David trossel, CEO and CTO of Bridge works, comments: “While the UK has committed to ensuring Brexit is adequate, it has created two categories of GDPR for UK businesses: UK GDPR and, for those who treat EU citizens, there is the original EU GDPR. He explains that the free data transfer bridge ended on June 30, 2021 and since then there have been murmurs of the UK government’s intention to remove some of the GDPR requirements in the UK.
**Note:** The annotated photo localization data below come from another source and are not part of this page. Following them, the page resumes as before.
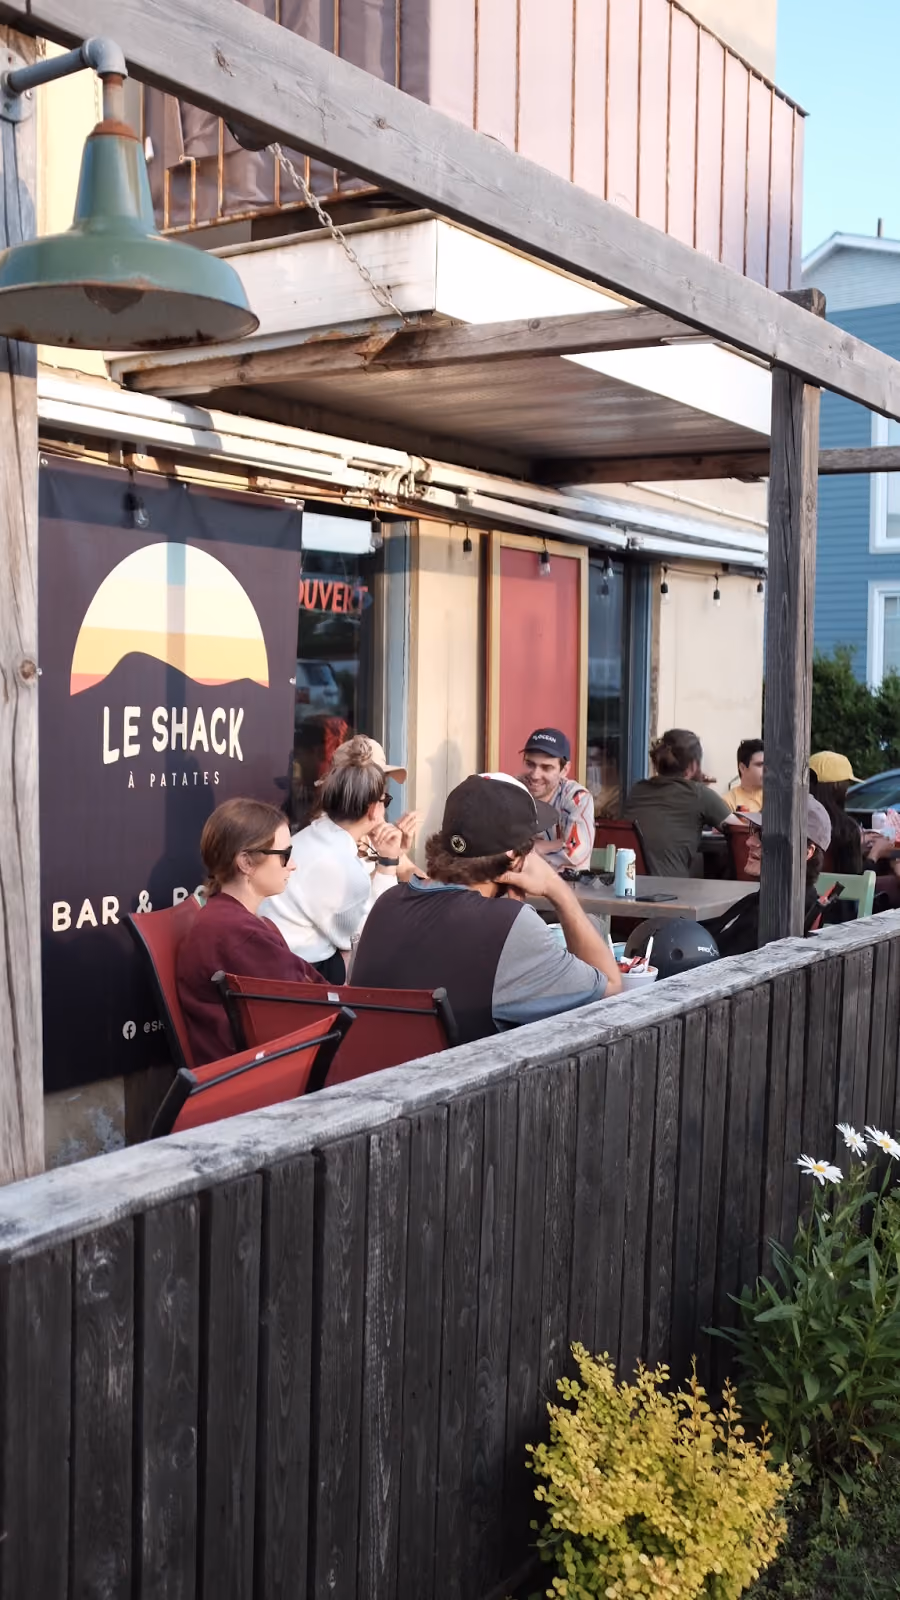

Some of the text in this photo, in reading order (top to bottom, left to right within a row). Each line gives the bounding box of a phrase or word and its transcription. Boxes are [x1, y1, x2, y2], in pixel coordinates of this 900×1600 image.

[103, 706, 244, 764] LE SHACK
[127, 771, 220, 788] À PATATES
[52, 895, 120, 932] BAR
[136, 890, 153, 913] &
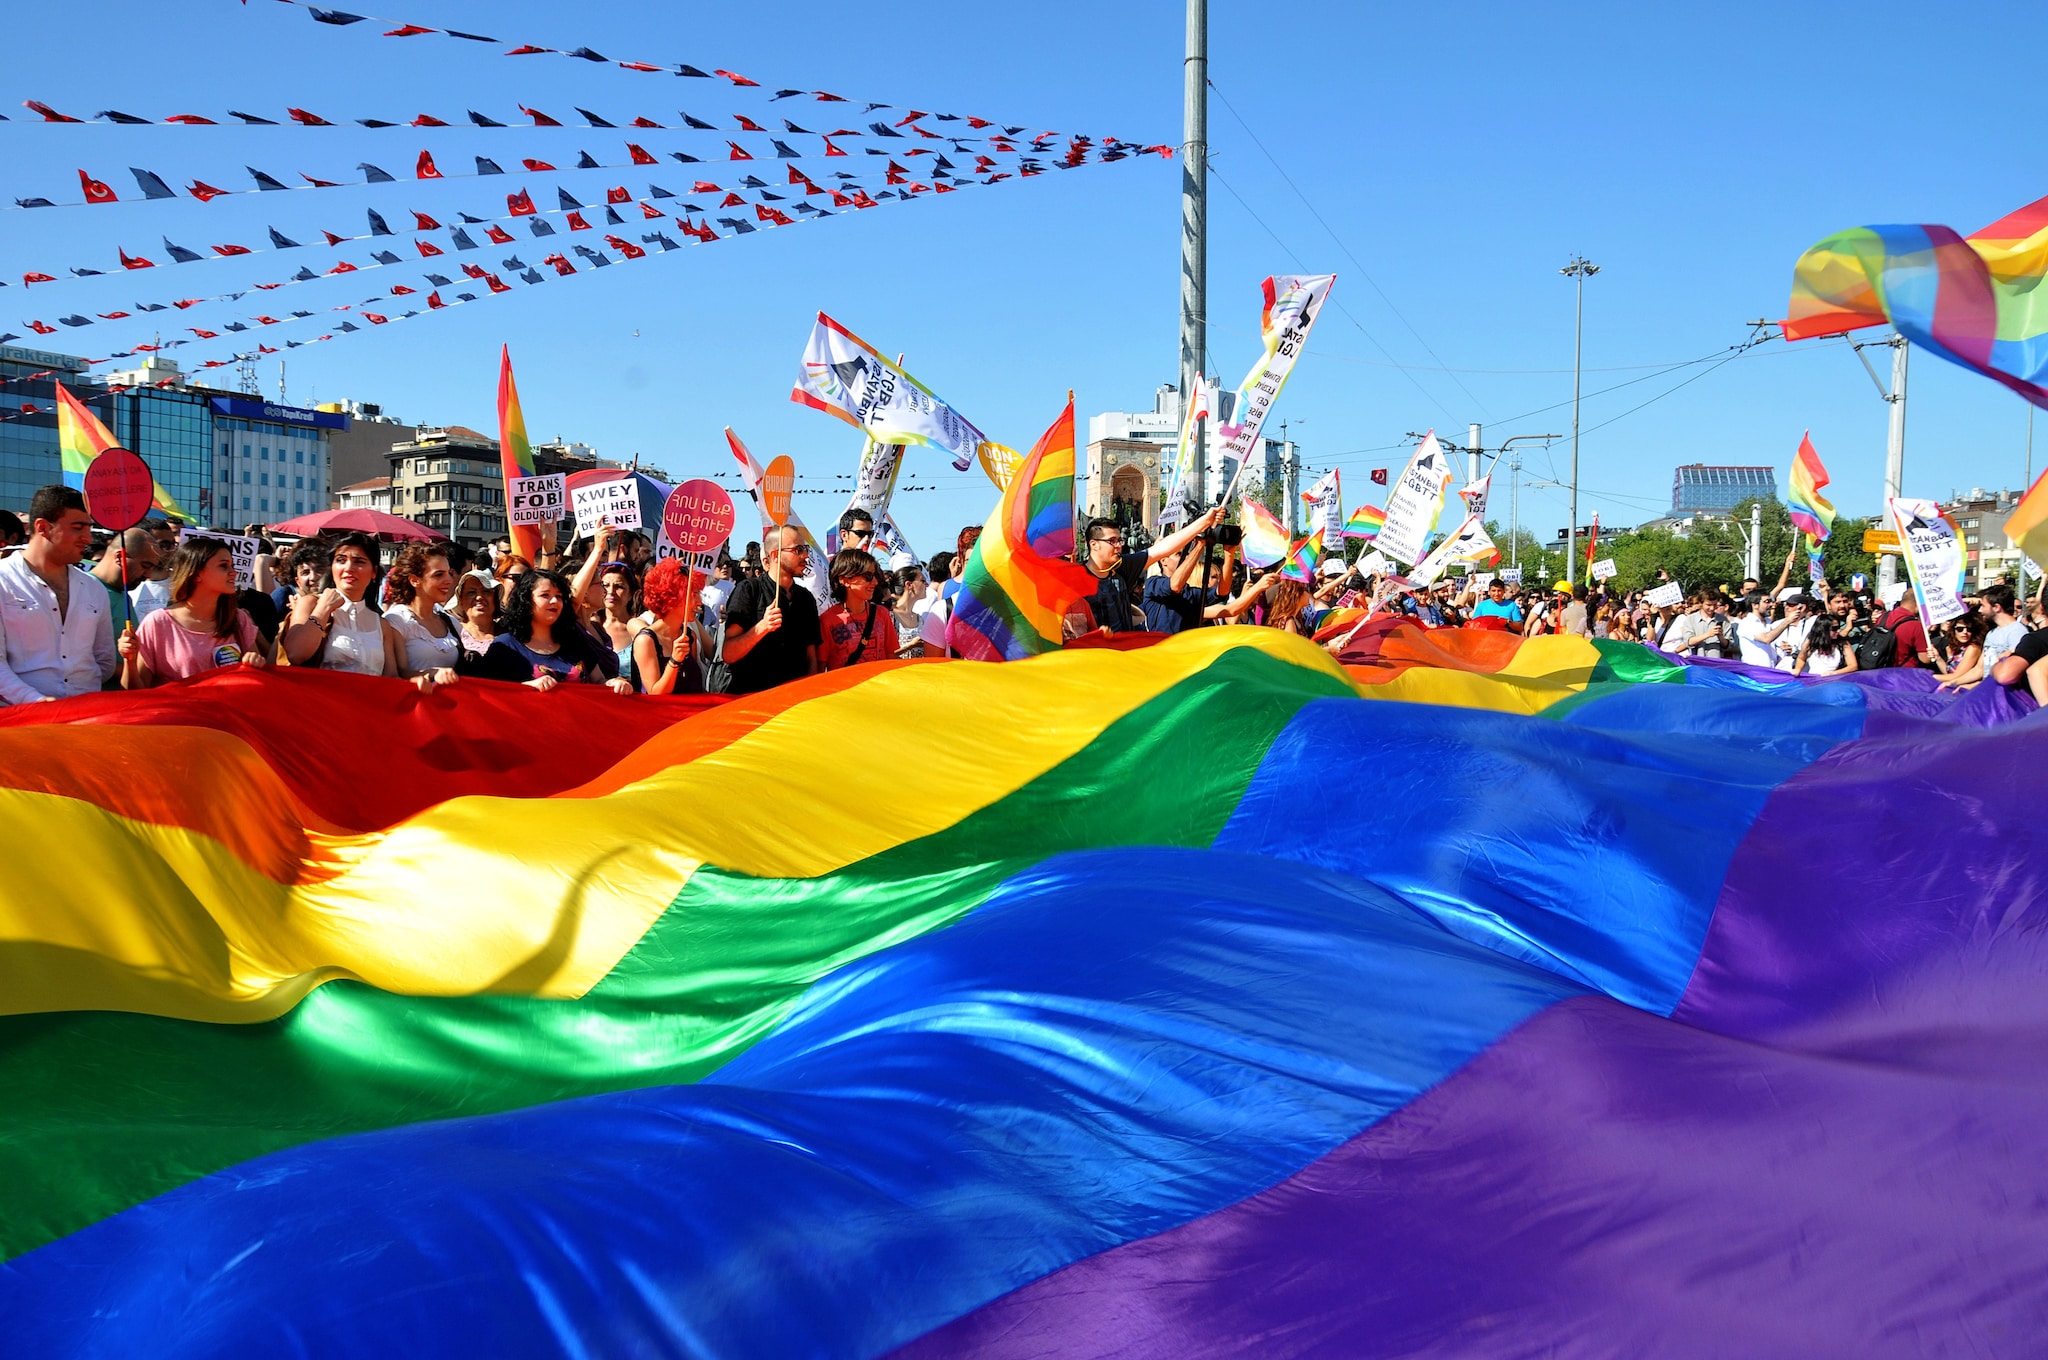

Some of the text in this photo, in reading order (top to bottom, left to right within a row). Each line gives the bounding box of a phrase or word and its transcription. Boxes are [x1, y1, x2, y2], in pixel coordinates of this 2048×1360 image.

[517, 478, 560, 493] TRANS
[577, 483, 632, 504] XWEY
[1403, 475, 1438, 501] LGBTT
[513, 487, 563, 508] FOBİ
[672, 493, 731, 516] ՀՈՍ ԵՆՔ
[102, 505, 119, 515] YER
[578, 507, 593, 518] EM
[610, 500, 637, 511] HER
[615, 514, 637, 525] NE!
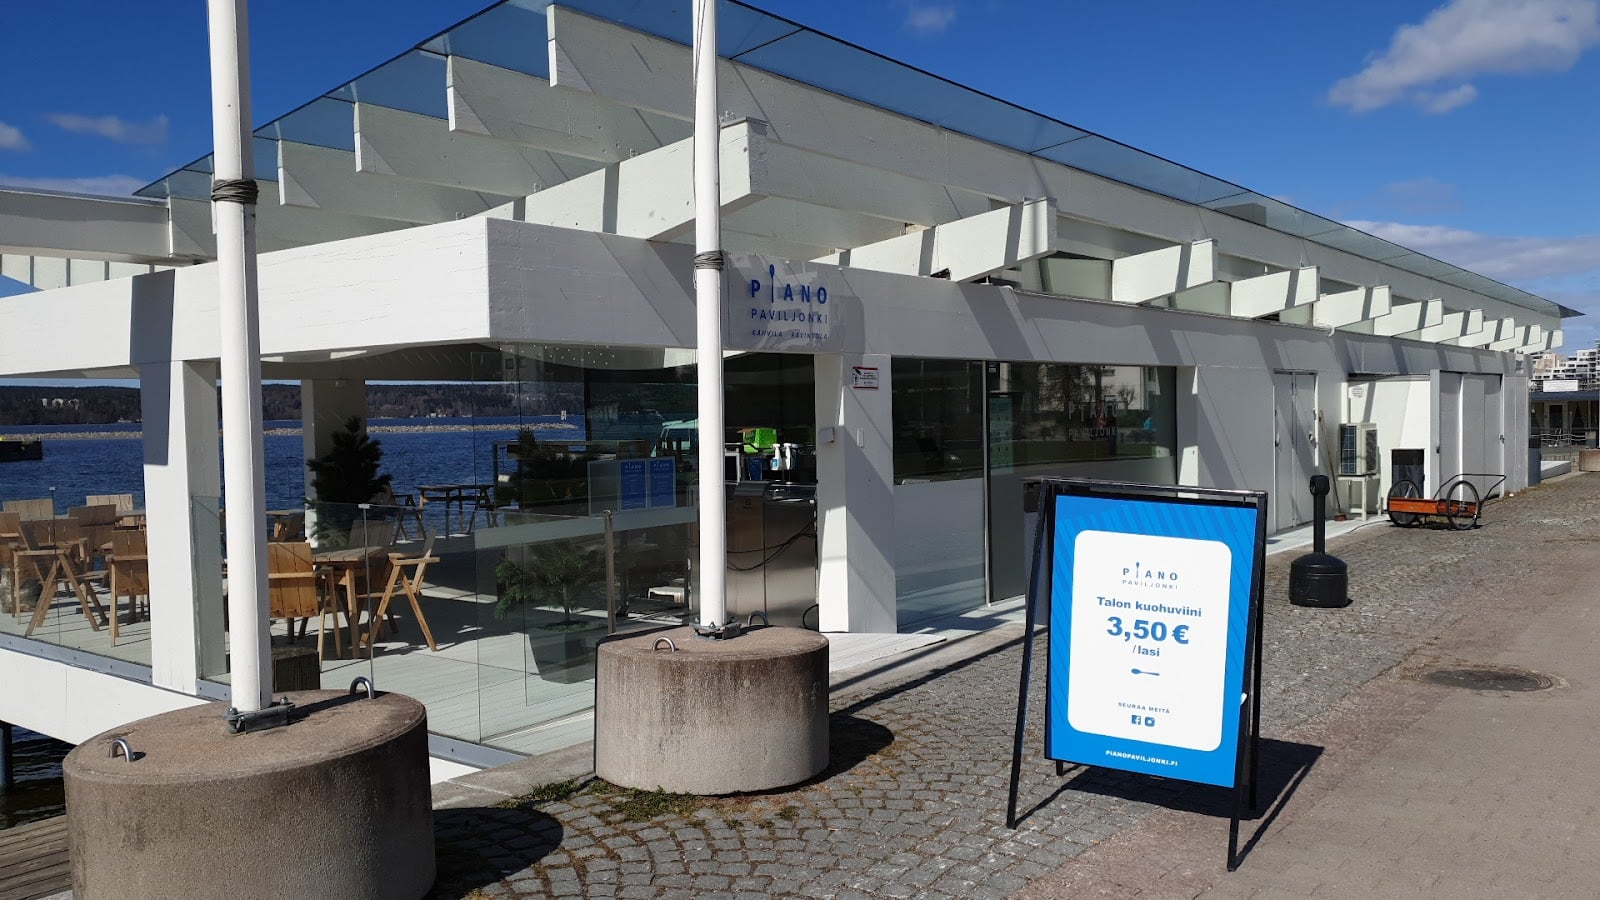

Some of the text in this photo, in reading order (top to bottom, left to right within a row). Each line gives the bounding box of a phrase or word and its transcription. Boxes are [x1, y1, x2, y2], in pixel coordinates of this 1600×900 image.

[751, 264, 828, 304] PIANO
[751, 308, 828, 323] PAVILJONKI
[1122, 561, 1178, 581] PIANO
[1122, 580, 1178, 590] PAVILJONKI
[1096, 596, 1202, 617] Talon kuohuviini
[1106, 616, 1190, 645] 3,50 €
[1118, 702, 1146, 711] SEURAA
[1105, 750, 1178, 766] PIANOPAVILJONKI.FI
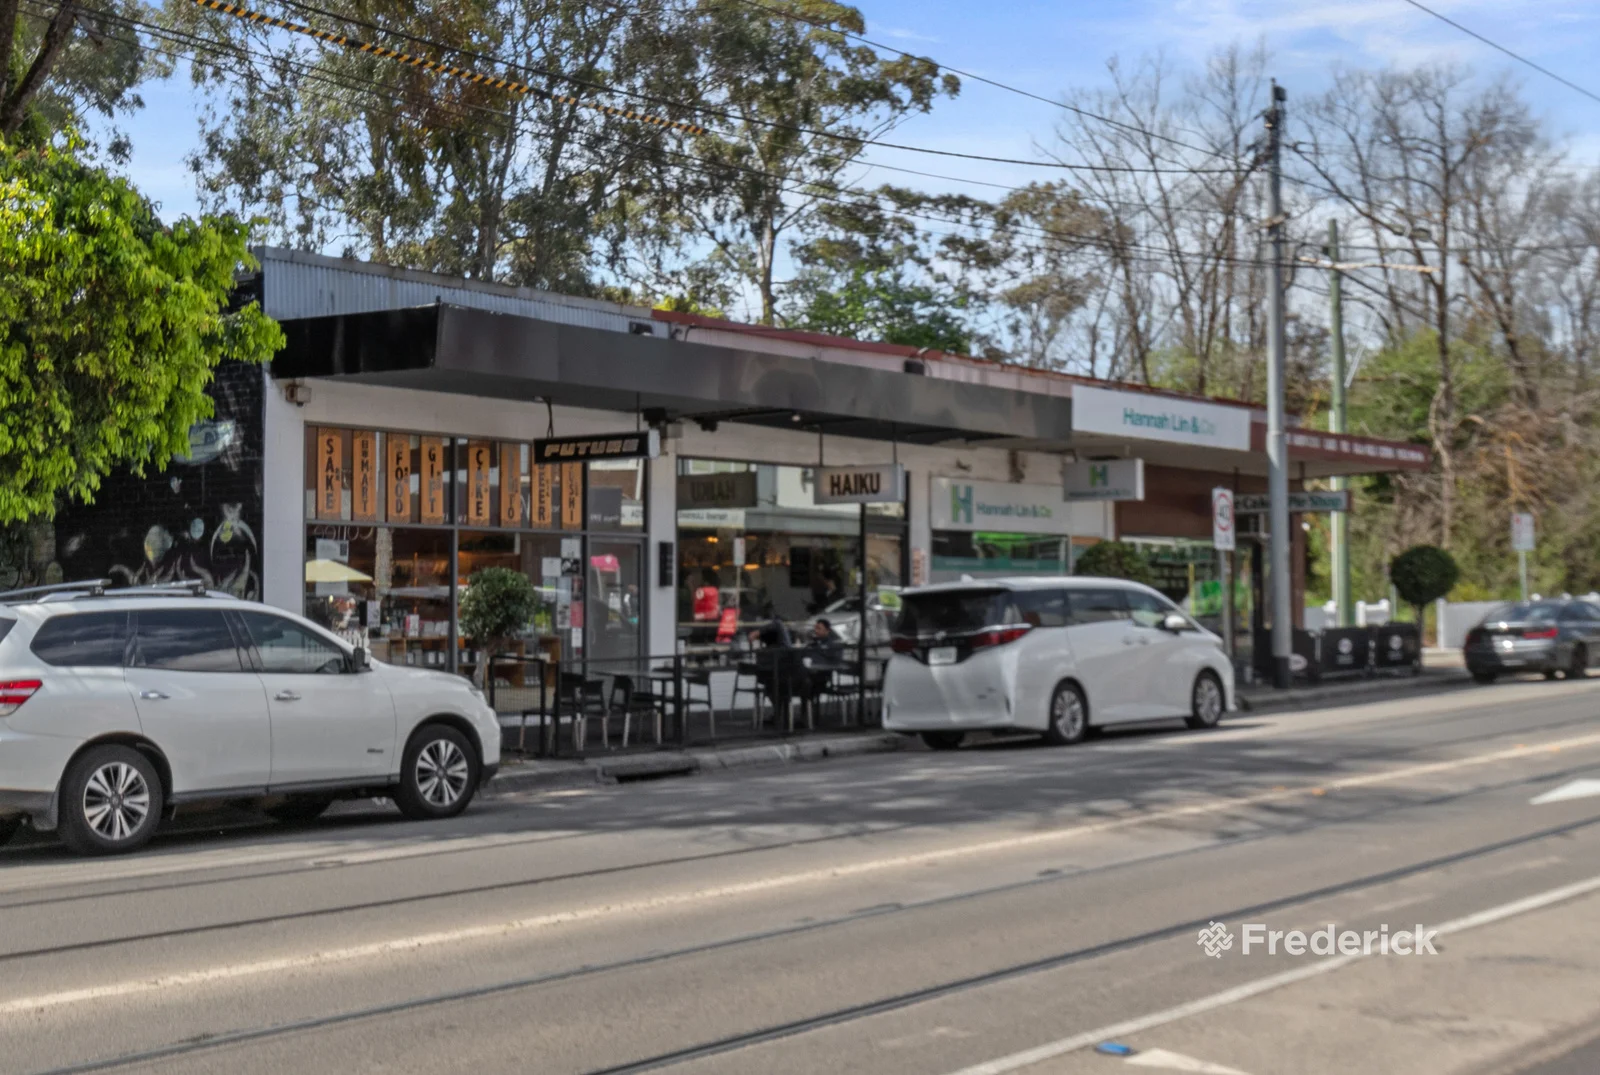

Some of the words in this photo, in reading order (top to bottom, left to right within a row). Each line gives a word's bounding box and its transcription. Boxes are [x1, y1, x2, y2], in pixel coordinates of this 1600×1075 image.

[1123, 407, 1169, 429] Hannah
[1171, 413, 1190, 432] Lin
[1191, 416, 1199, 434] &
[544, 439, 639, 457] FUTURE
[325, 438, 334, 510] SAKE
[395, 451, 404, 514] FOOD
[830, 473, 881, 497] HAIKU
[976, 501, 1012, 516] Hannah
[1015, 504, 1030, 517] Lin
“This prospect is strange, because it was the UK that launched the whole GDPR initiative,” he said before adding, “By creating two classes of GDPR, organizations find that they have a considerable amount of work to do. to separate the two separate groups and rules. As many countries have adopted GDPR rules, it looks like the UK is once again the only one with different rules from everyone else. “

To add to what he calls “confusion,” Trossell reveals that the EU is now considering GDPR 2.0 rules for AI. Still, there is some consistency. For example, Maurice Stewart Ashley, sales director for EMEA and APAC at Index Engines, says there have not yet been any changes in the sanctions that have been instituted, but that this area will be at the center of concern in the years to come. to come.

Growth in data volume

Data volumes will always change and grow. So how much have they grown since 2017, and do organizations have a bigger challenge than in 2017 with finding personal and sensitive data? Stewart-Ashley believes the data continues to grow at an exponential rate. “Unstructured data, by its very nature, is the most difficult to control and find, with several petabytes now the norm. All organizations spend an inordinate amount of time trying to manage and control this data, ”he explains, before commenting that this requires very high levels of investment in hardware, software licenses and, of course, software. space, power and environmental requirements.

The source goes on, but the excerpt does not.